Tomemos essas pias, criações emblemáticas que lhe deram fama. Fabricadas meticulosamente à mão em gesso e cobertas por esmalte semi-brilhante, são sistematicamente desprovidas de torneiras e canalização. Estas ausências não são inocentes. Transformam estes objetos funcionais em monumentos à impossibilidade da purificação, em testemunhos silenciosos da nossa busca perpétua pela redenção. Numa América marcada pela epidemia do SIDA nos anos 1980, estas pias sem água tornam-se símbolos pungentes de uma sociedade obcecada pela limpeza mas incapaz de enfrentar os seus próprios preconceitos. Cada pia é como uma estela funerária moderna, um memorial às vítimas de uma epidemia que a sociedade preferia ignorar.

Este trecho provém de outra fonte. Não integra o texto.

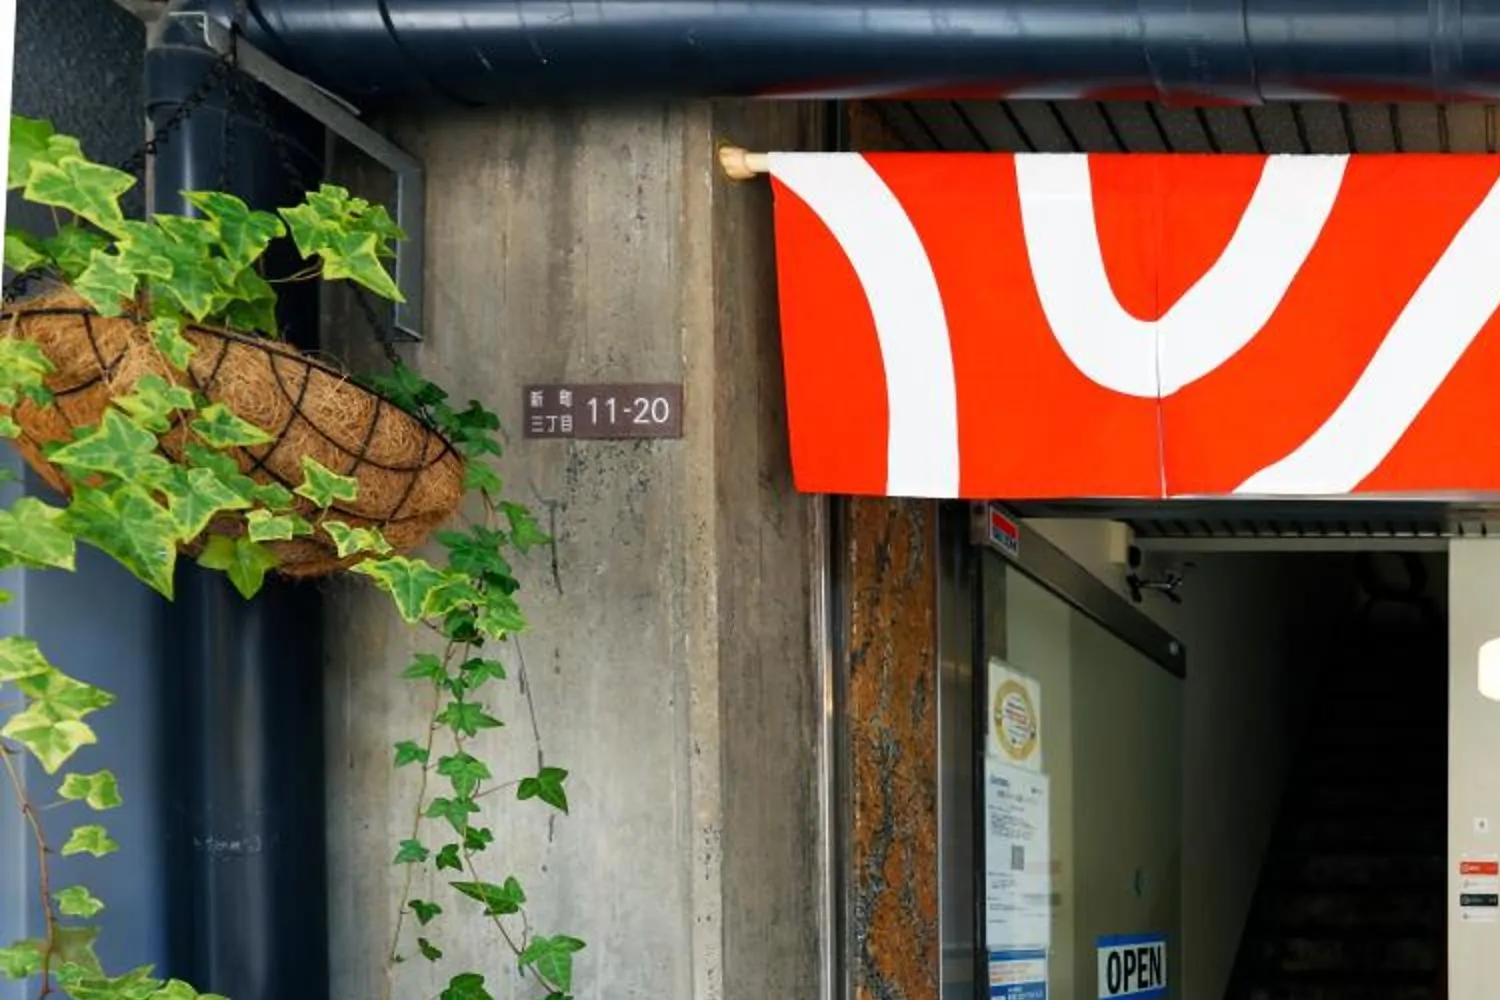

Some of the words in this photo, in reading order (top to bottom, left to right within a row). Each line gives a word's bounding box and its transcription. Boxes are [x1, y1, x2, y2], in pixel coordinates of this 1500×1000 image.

[531, 415, 573, 433] 三丁目
[587, 397, 670, 425] 11-20
[1107, 945, 1161, 994] OPEN

A filosofia hegeliana da negação determinada encontra aqui um eco impressionante. A pia de Gober não é simplesmente uma pia que não funciona, é a própria negação da sua função que lhe confere seu poder evocativo. Já não é um objeto utilitário, mas um portal para o inconsciente coletivo, uma testemunha silenciosa dos nossos rituais diários de purificação. O artista força-nos, assim, a confrontar a dialética entre o puro e o impuro, o sagrado e o profano, numa sociedade que procura desesperadamente compartimentar esses opostos. As pias, colocadas a diferentes alturas nas paredes, criam uma coreografia espacial que evoca ora fonts batismais, ora urinóis, confundindo deliberadamente as fronteiras entre o sagrado e o profano.

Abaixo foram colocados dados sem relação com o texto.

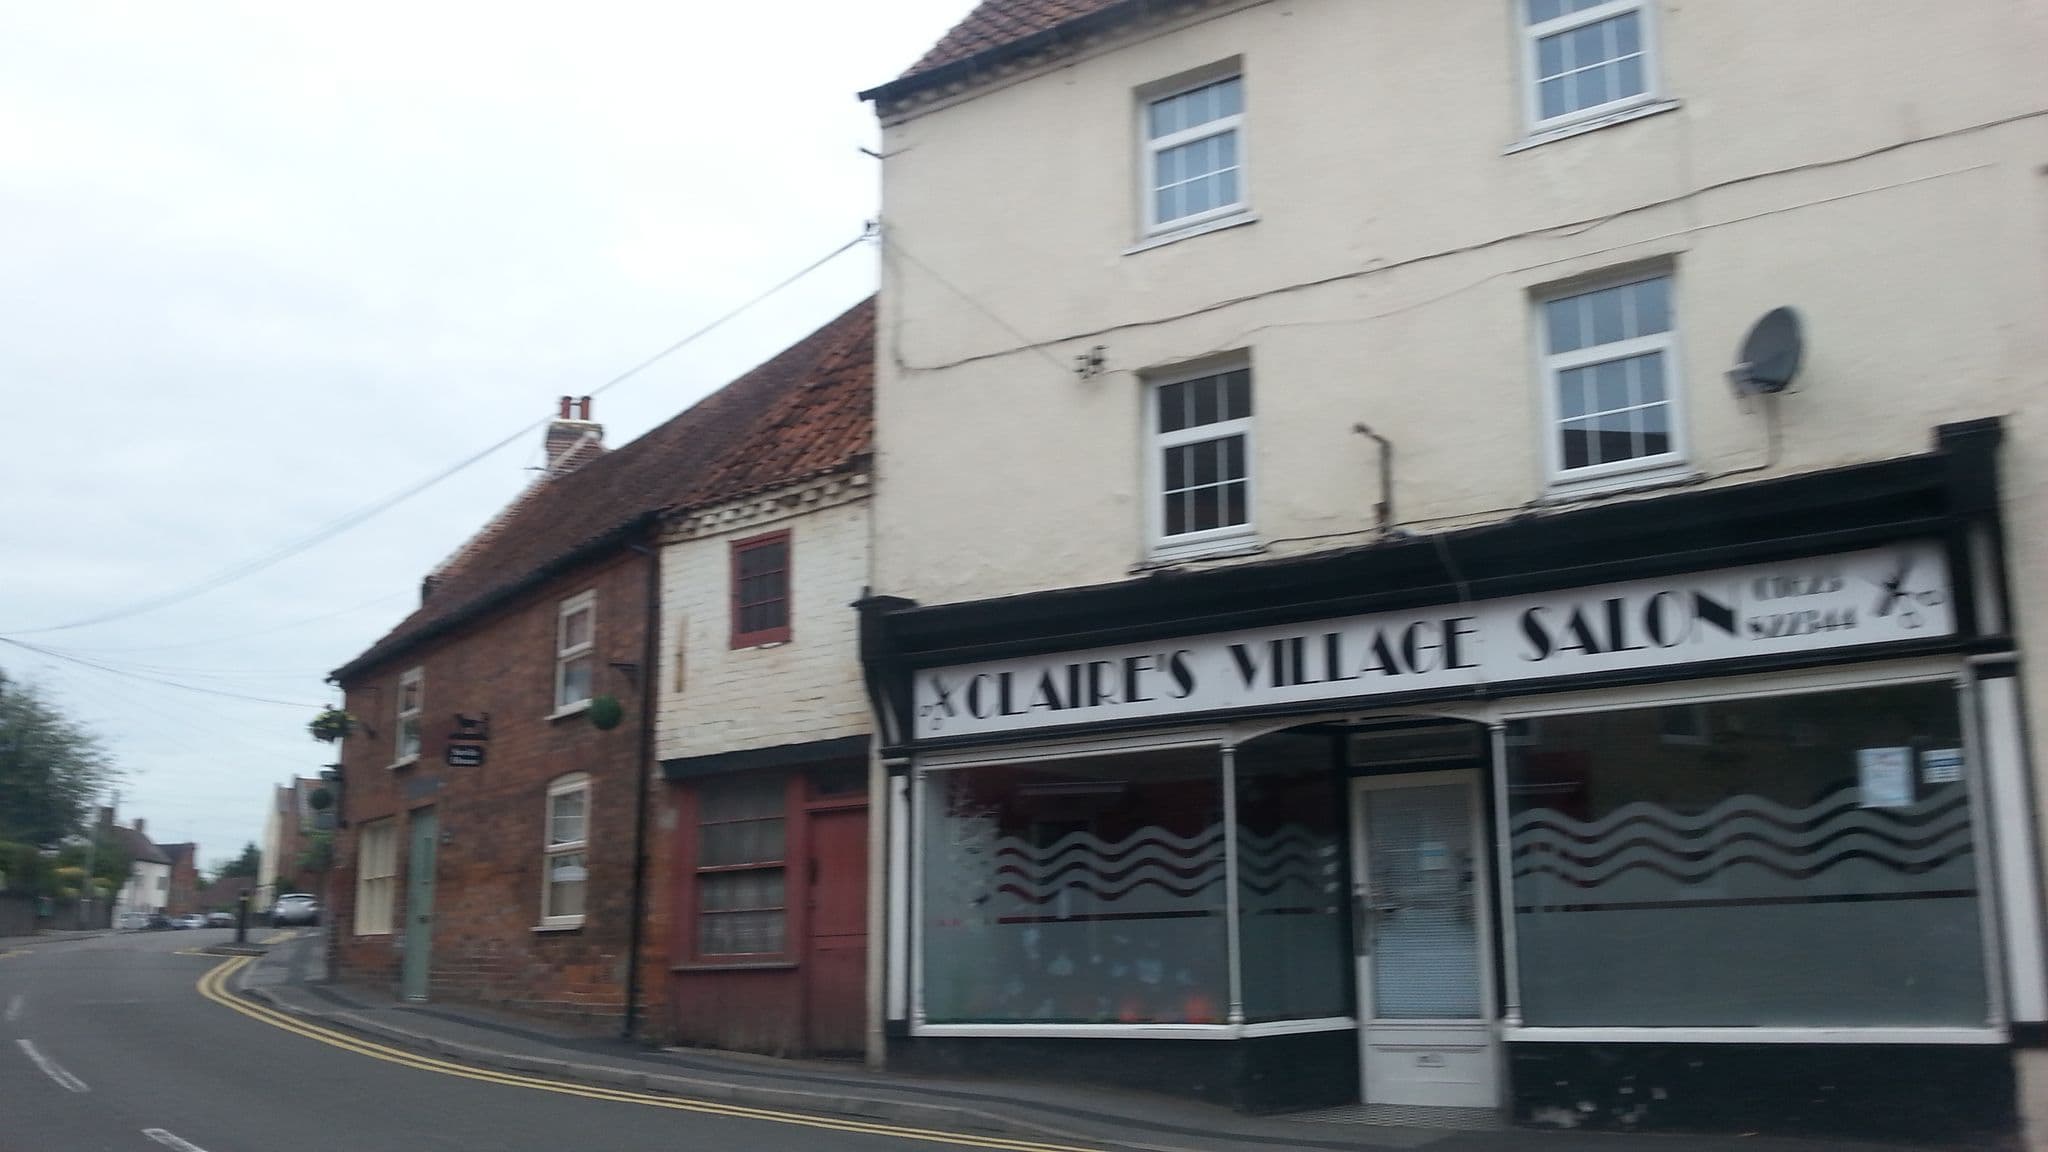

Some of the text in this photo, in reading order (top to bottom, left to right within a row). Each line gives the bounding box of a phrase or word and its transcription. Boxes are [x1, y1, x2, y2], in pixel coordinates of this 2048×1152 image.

[966, 584, 1741, 720] CLAIRE'S VILLAGE SALON

A obsessão de Gober pela fabricação manual das suas obras não é uma simples escolha técnica. É um ato de resistência contra a produção em massa, uma afirmação do valor do trabalho artesanal num mundo cada vez mais mecanizado. Cada objeto carrega as marcas mínimas da sua fabricação, como cicatrizes que testemunham o processo da sua criação. Esta atenção maníaca ao detalhe transforma cada escultura numa espécie de relíquia contemporânea, onde a aparência perfeita da superfície esconde as inúmeras horas de trabalho paciente e meticuloso.
As instalações monumentais de Gober transformam espaços inteiros em teatros do inconsciente coletivo. A sua instalação marcante de 1989 na Paula Cooper Gallery permanece um exemplo perfeito da sua capacidade para criar ambientes que nos confrontam com os nossos demônios sociais. O papel de parede, repetindo a imagem de um homem branco adormecido justaposta à de um homem negro enforcado, criava um diálogo gelado sobre a violência racial na América. No centro do espaço, dominava um vestido de noiva imaculado, vazio, como um fantasma acusador da inocência perdida. Esta obra complexa mergulha-nos numa reflexão profunda sobre a culpa coletiva e a memória histórica, evocando o pensamento de Walter Benjamin sobre a história como uma acumulação de catástrofes.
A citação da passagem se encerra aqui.